It is only too evident that, considering the present state of the world, liberal Catholicism has no value whatever either as a doctrine or as a means of defending religion; that it is powerless to insure for the Church a peace which would bring her the least advancement or glory. It is nothing but an illusion, nothing but a piece of stubbornness — a pose. One can predict its fate. Abandoned in the near future by generous minds, to whom it may provide a certain outlet for sentiment, it will go on to merge itself with the general body of heresy. The adherents whom it drags after it may then be turned into fanatical persecutors, in keeping with the usual inconsistency of weak intellects obsessed with the false spirit of conciliation! Certain minds seem to be as susceptible to error as certain constitutions to disease. Everything that is unwholesome finds lodgment in them; they are carried away by the very first wind and ensnared by the very first sophism; they are the property, the booty, the chattels of the powers of darkness, and one may define them as antiquity defined slaves, non tam viles quam nulli — “not so much vile beings as nobodies.”

Let us undertake not so much to convince them as to set them an example that may save them.

In harmony with faith, reason exhorts us to unite and make ourselves strong in obedience. To whom shall we go? Liberals or not liberals, beset with the terrible perplexities of these troublous times, we know only one thing for a certainty: it is that no man knows anything, except the man with whom God is for aye, the man who possesses the thought of God.
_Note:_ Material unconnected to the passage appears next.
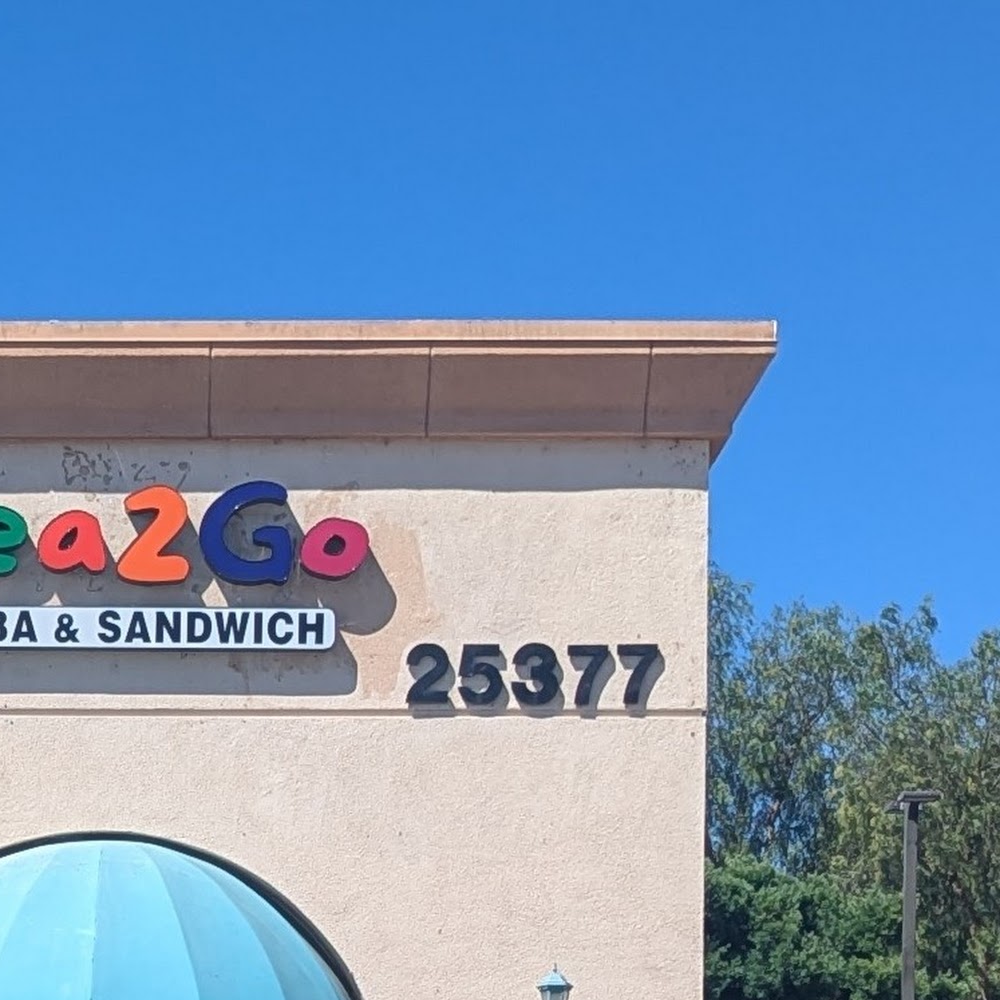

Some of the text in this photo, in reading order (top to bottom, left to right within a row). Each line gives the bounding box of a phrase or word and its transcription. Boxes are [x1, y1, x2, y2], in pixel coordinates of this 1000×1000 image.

[53, 612, 81, 645] &
[97, 610, 327, 646] SANDWICH
[405, 643, 661, 709] 25377
It behooves us to lock arms around the Sovereign Pontiff, to follow unswervingly his inspired directions, to affirm with him the truths that alone can save our souls and the world. It behooves us to abstain from any attempt to twist his words to our own sense: “When the Sovereign Pontiff has proclaimed a pastoral decision, no one has the right to add or to suppress the smallest vowel, non addere, non minuere. Whatever he affirms, that is true forever.”46 Any other course can but result in dividing us further and in fatally disrupting our unity. That is the misfortune of misfortunes. The doctrines known as liberal have riven us apart. Before their inroad, favored only too much, alas! by a spell of political bad humor, few as we were, we amounted, nevertheless, to something: we formed an unbroken phalanx. We rallied in such a phalanx whenever we chose to do so; it was no more than a pebble if you will: that pebble had at least its compactness and its weight.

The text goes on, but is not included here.